Carotid Artery–Cavernous Sinus Fistula
The diagnosis of high flow (direct) carotid artery–cavernous sinus fistulas is usually straightforward. Although sometimes occurring spontaneously due to rupture of an intracavernous internal carotid artery aneurysm, they usually follow severe head trauma causing damage to the intracavernous internal carotid. Physical signs include marked orbital congestion with chemosis, pulsating proptosis, raised intraocular pressure, retinal hemorrhages, and ophthalmoplegia, as well as a loud bruit.
Low-flow (indirect) shunts (dural carotid cavernous sinus fistula) are usually spontaneous, most commonly being associated with diabetes and systemic hypertension, and diagnosis may be delayed by misdiagnosis such as chronic conjunctivitis. Orbital congestion, arterializations of episcleral vessels, elevated intraocular pressure, mild proptosis, and possibly a faint bruit are the typical features.

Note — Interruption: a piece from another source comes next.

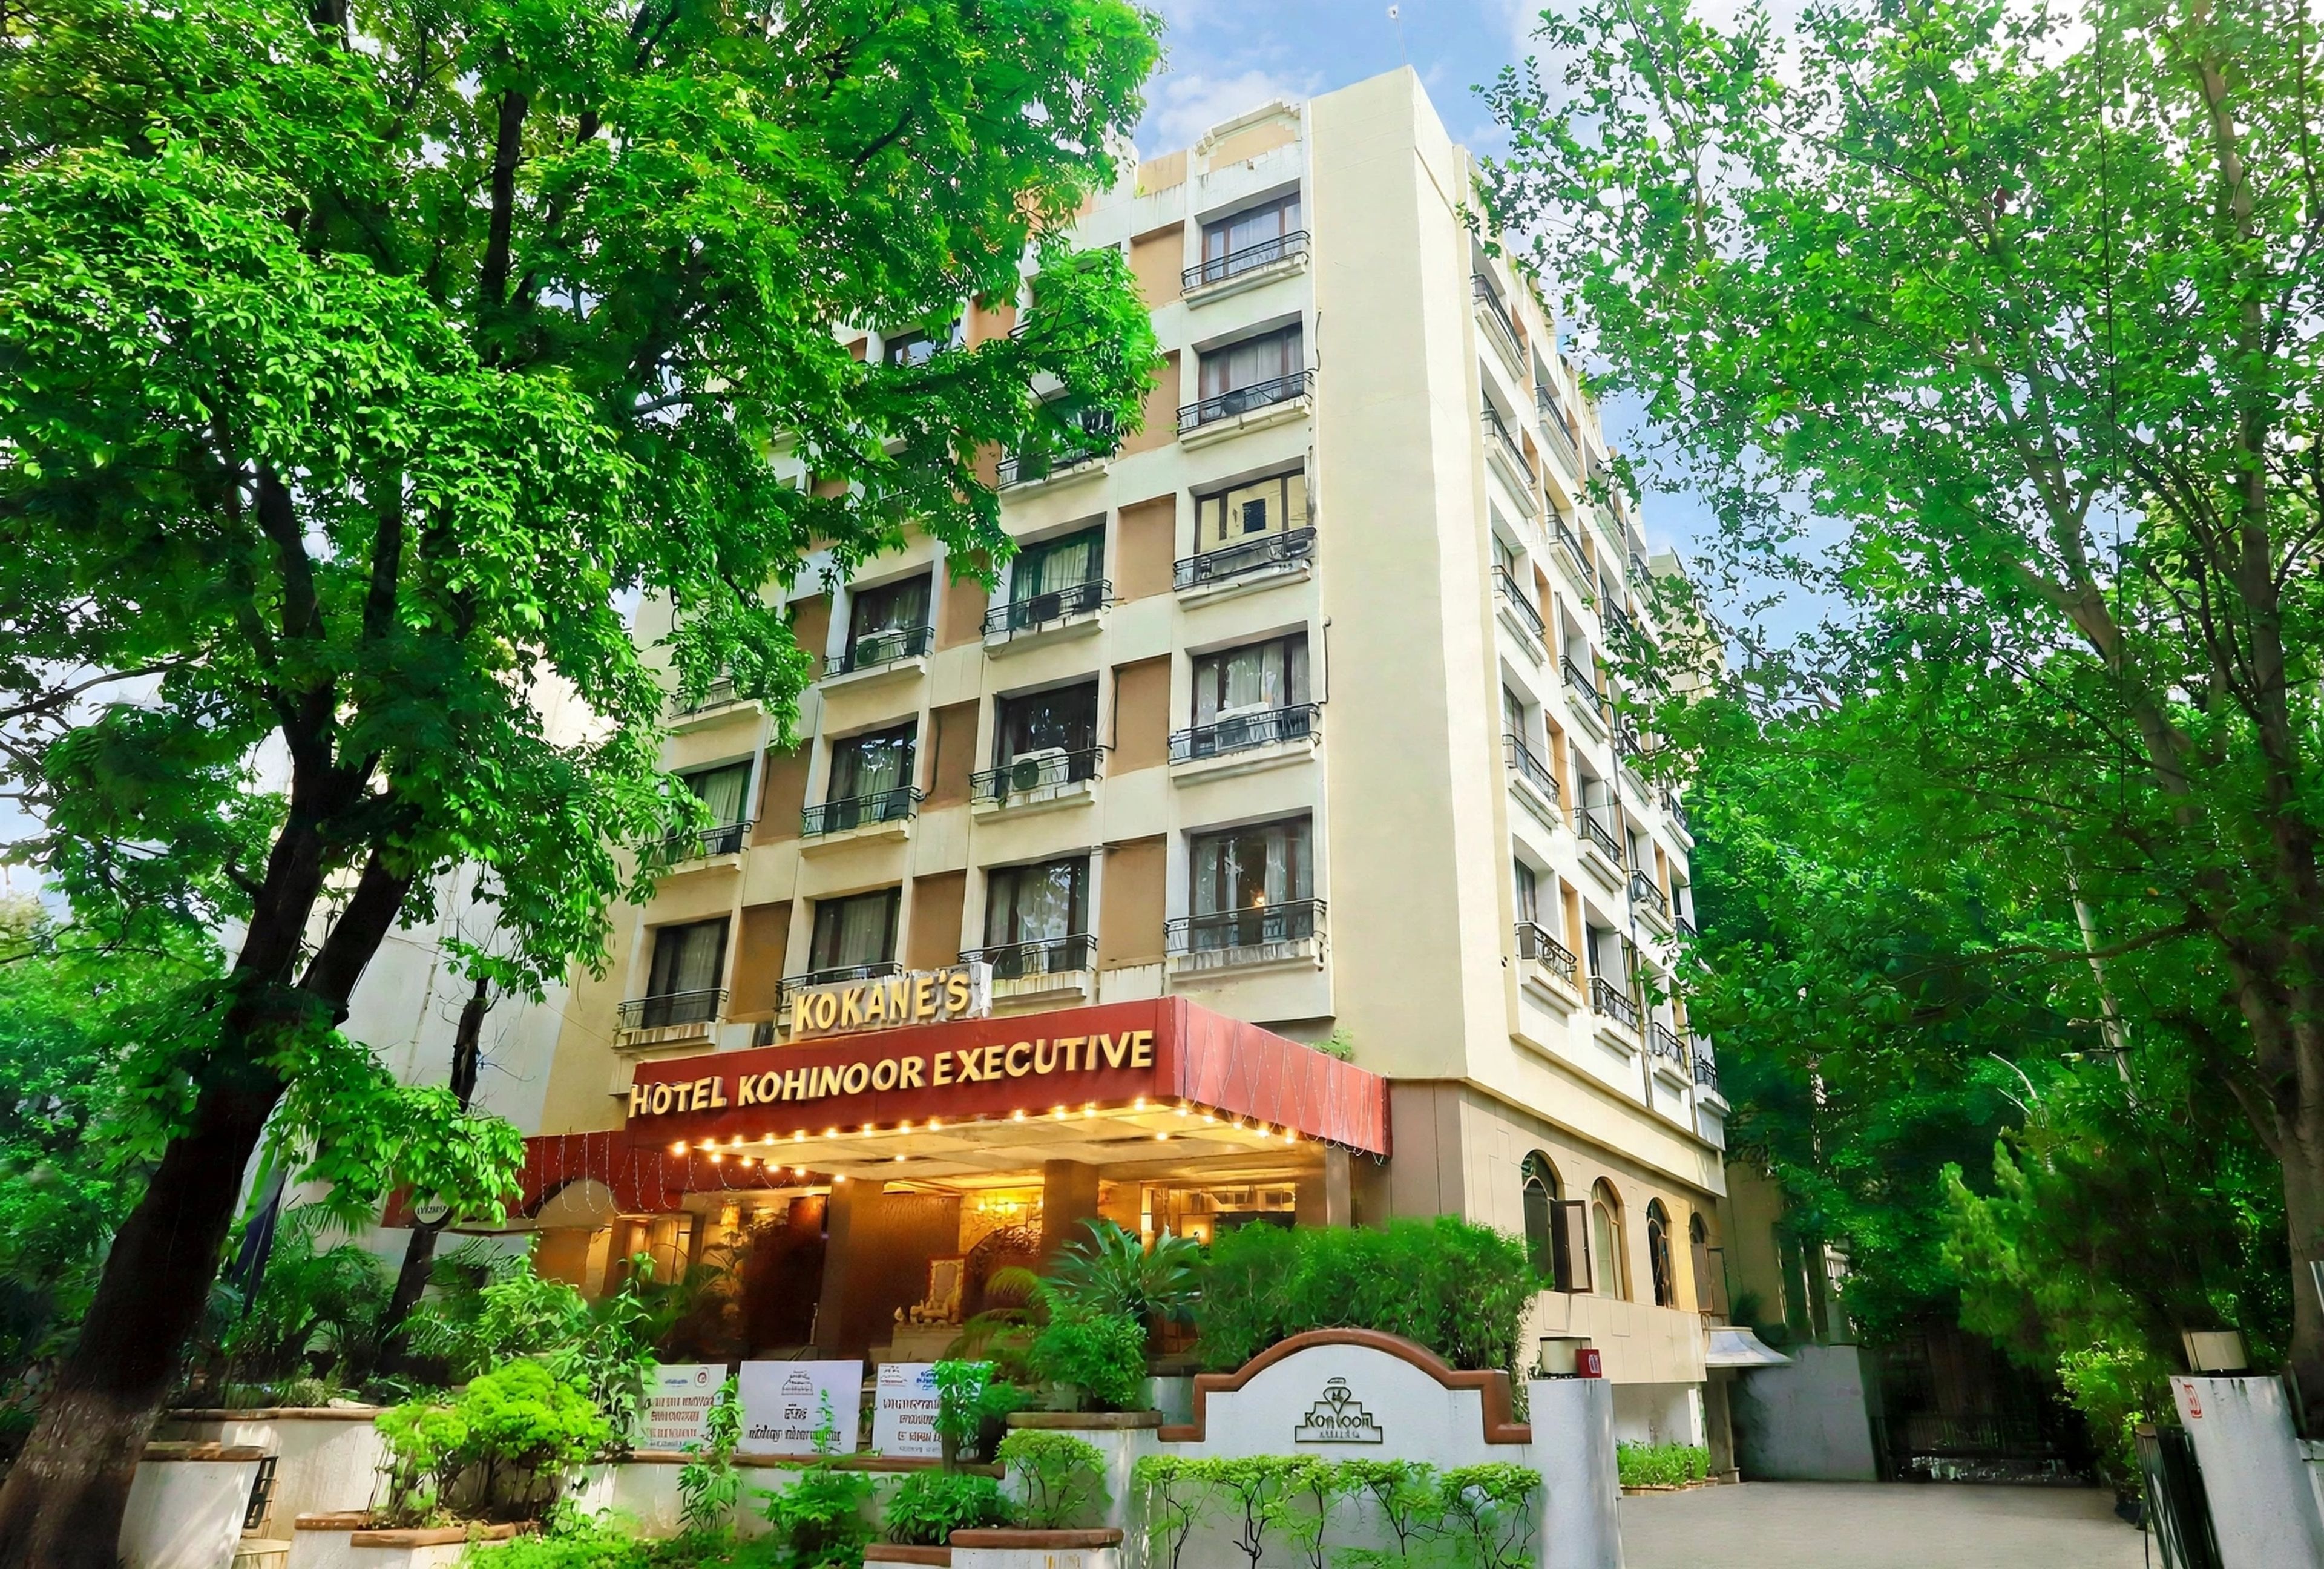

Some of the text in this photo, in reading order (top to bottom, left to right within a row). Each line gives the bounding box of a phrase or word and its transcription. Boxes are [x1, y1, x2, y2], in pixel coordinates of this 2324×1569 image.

[795, 970, 971, 1032] KOKANE'S
[628, 1030, 1154, 1119] HOTEL KOHINOOR EXECUTIVE

Orbital ultrasound blood flow studies with color Doppler imaging provide a noninvasive method of diagnosing carotid artery–cavernous sinus fistula, by demonstrating reversal of flow (“arterialization”) in the superior ophthalmic vein. Definitive diagnosis requires angiography, often initially by CT or MR angiography, but proceeding to catheter angiography for identification of the sites of fistulization and determining whether they are amenable to treatment. High-flow fistulas generally need to be treated by transvenous or intra-arterial balloon or coil embolization, or parent vessel occlusion. Many low-flow fistulas resolve spontaneously but intra-arterial or transvenous embolization may be required.